**TASK DESCRIPTION**
If a record contains a picture, skip the picture and transcribe the rest exactly.

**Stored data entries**

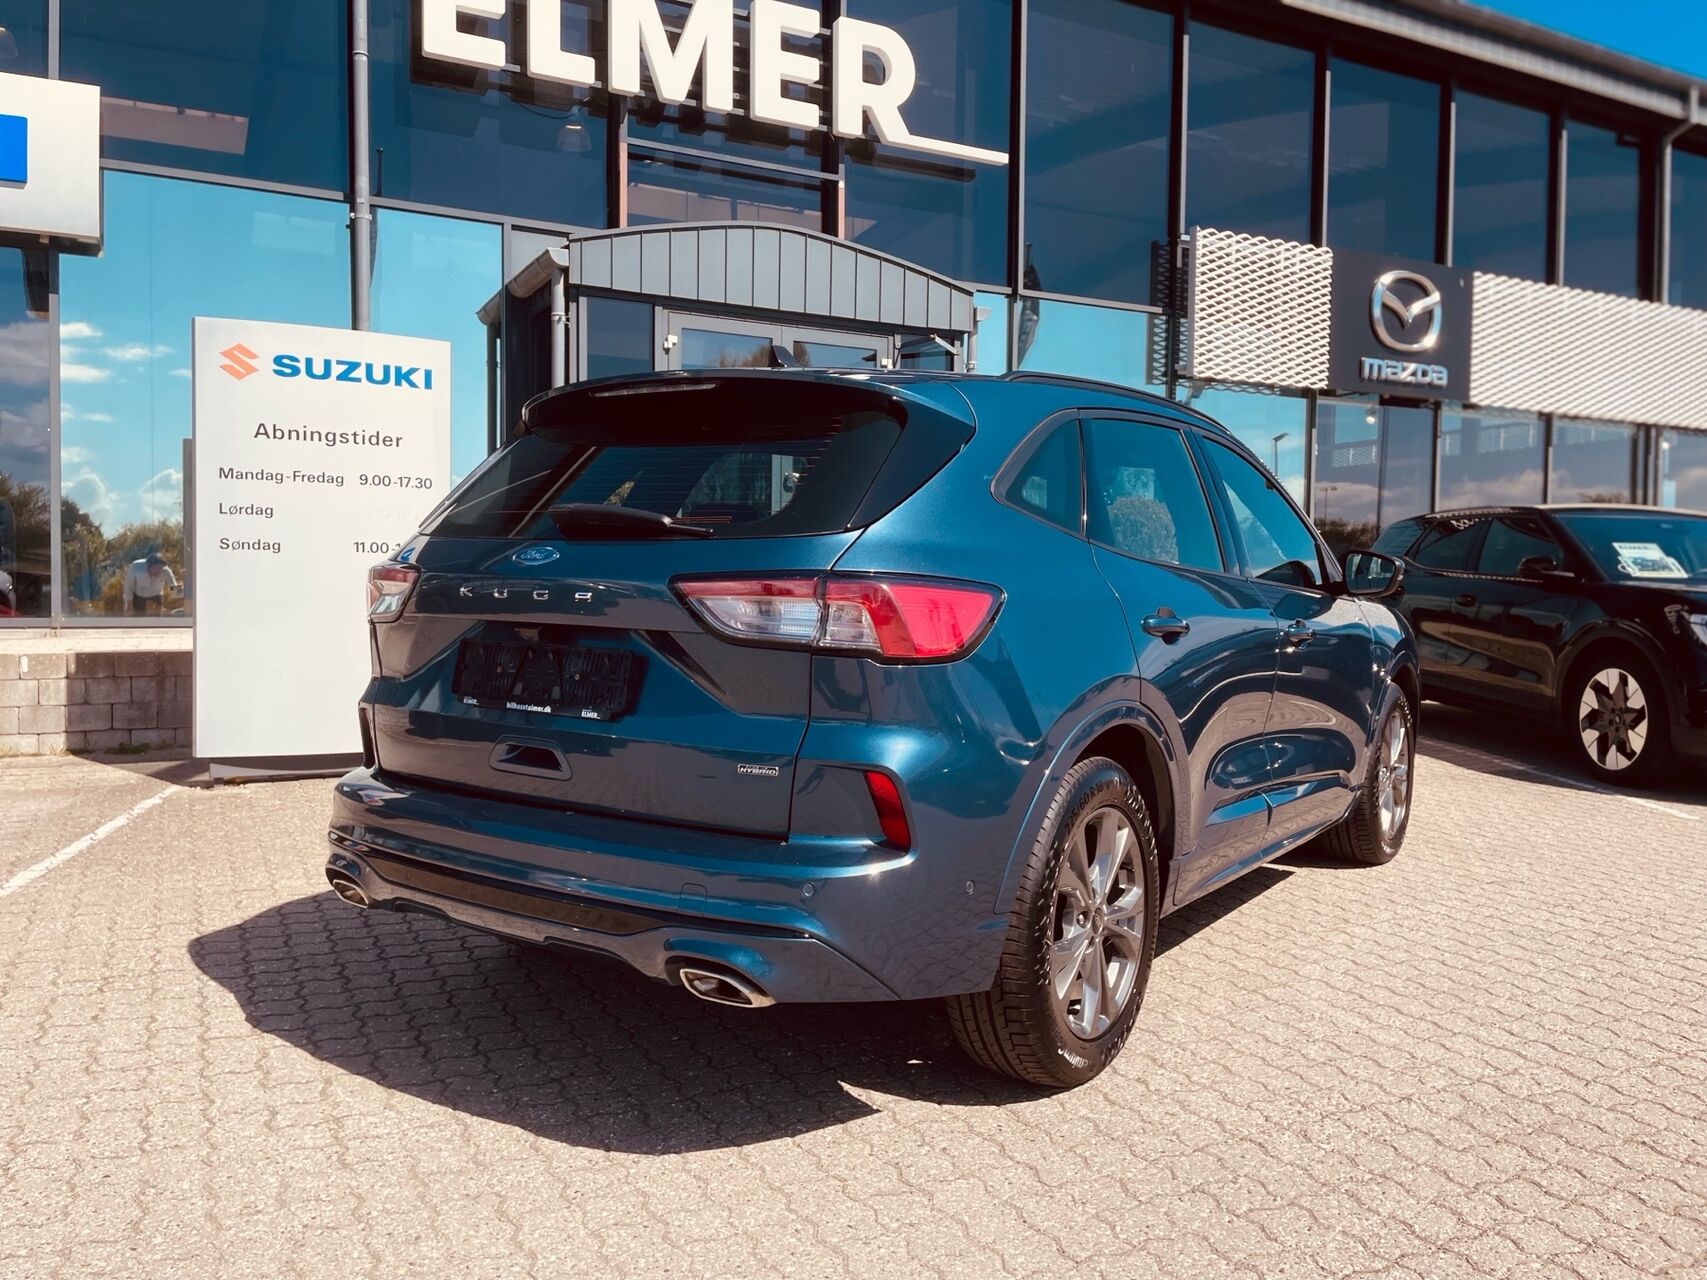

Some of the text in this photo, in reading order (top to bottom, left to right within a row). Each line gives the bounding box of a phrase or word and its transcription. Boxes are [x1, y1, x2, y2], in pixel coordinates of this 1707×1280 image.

[422, 0, 1009, 166] ELMER
[271, 354, 433, 390] SUZUKI
[254, 422, 403, 447] Abningstider
[218, 467, 433, 489] Mandag-Fredag 9.00-17.30
[218, 503, 274, 518] Lørdag
[219, 537, 281, 553] Søndag
[459, 585, 593, 602] KUGA
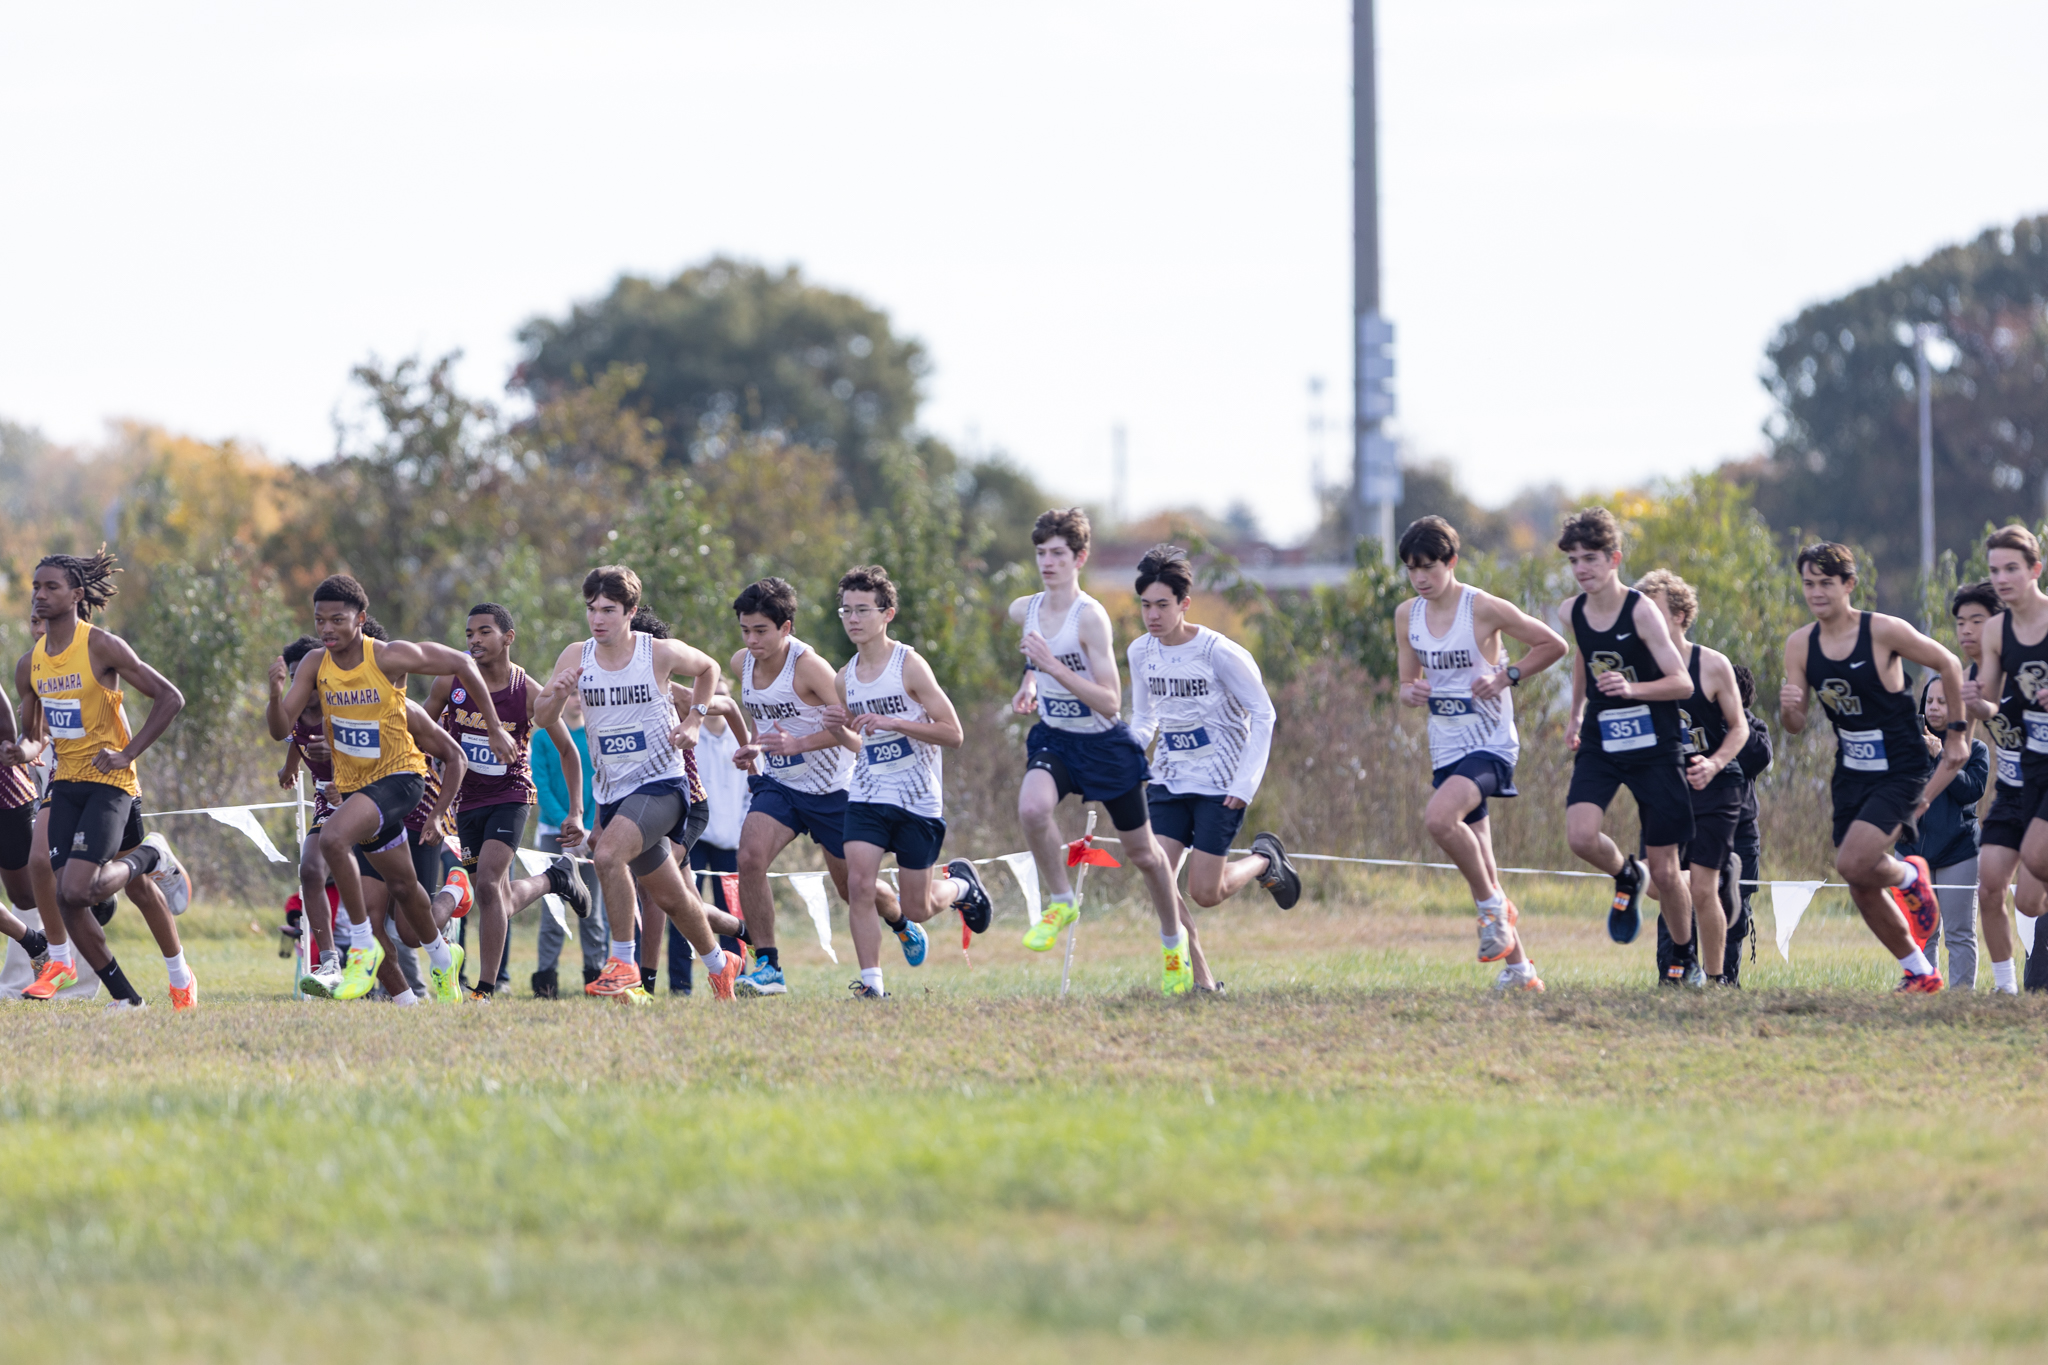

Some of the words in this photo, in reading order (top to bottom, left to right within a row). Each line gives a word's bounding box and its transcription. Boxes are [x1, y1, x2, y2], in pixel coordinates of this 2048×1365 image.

[609, 683, 652, 706] COUNSEL
[1049, 700, 1081, 717] 293
[1434, 699, 1467, 715] 290
[49, 710, 72, 727] 107
[1610, 719, 1642, 738] 351
[339, 729, 370, 746] 113
[604, 735, 637, 753] 296
[1172, 733, 1199, 749] 301
[873, 743, 902, 761] 299
[1846, 742, 1876, 759] 350

**ANSWER TO THE PROBLEM**
Some of the text in this photo, in reading order (top to bottom, left to right within a row). Each line gives the bounding box of a phrase or word and its transcription. Boxes are [x1, y1, x2, y2], in pixel coordinates of this 1707×1280 image.

[422, 0, 1009, 166] ELMER
[271, 354, 433, 390] SUZUKI
[254, 422, 403, 447] Abningstider
[218, 467, 433, 489] Mandag-Fredag 9.00-17.30
[218, 503, 274, 518] Lørdag
[219, 537, 281, 553] Søndag
[459, 585, 593, 602] KUGA

Some of the words in this photo, in reading order (top to bottom, left to right within a row). Each line gives a word's bounding box and its transcription. Boxes are [x1, y1, x2, y2], in pixel coordinates of this 2048×1365 image.

[609, 683, 652, 706] COUNSEL
[1049, 700, 1081, 717] 293
[1434, 699, 1467, 715] 290
[49, 710, 72, 727] 107
[1610, 719, 1642, 738] 351
[339, 729, 370, 746] 113
[604, 735, 637, 753] 296
[1172, 733, 1199, 749] 301
[873, 743, 902, 761] 299
[1846, 742, 1876, 759] 350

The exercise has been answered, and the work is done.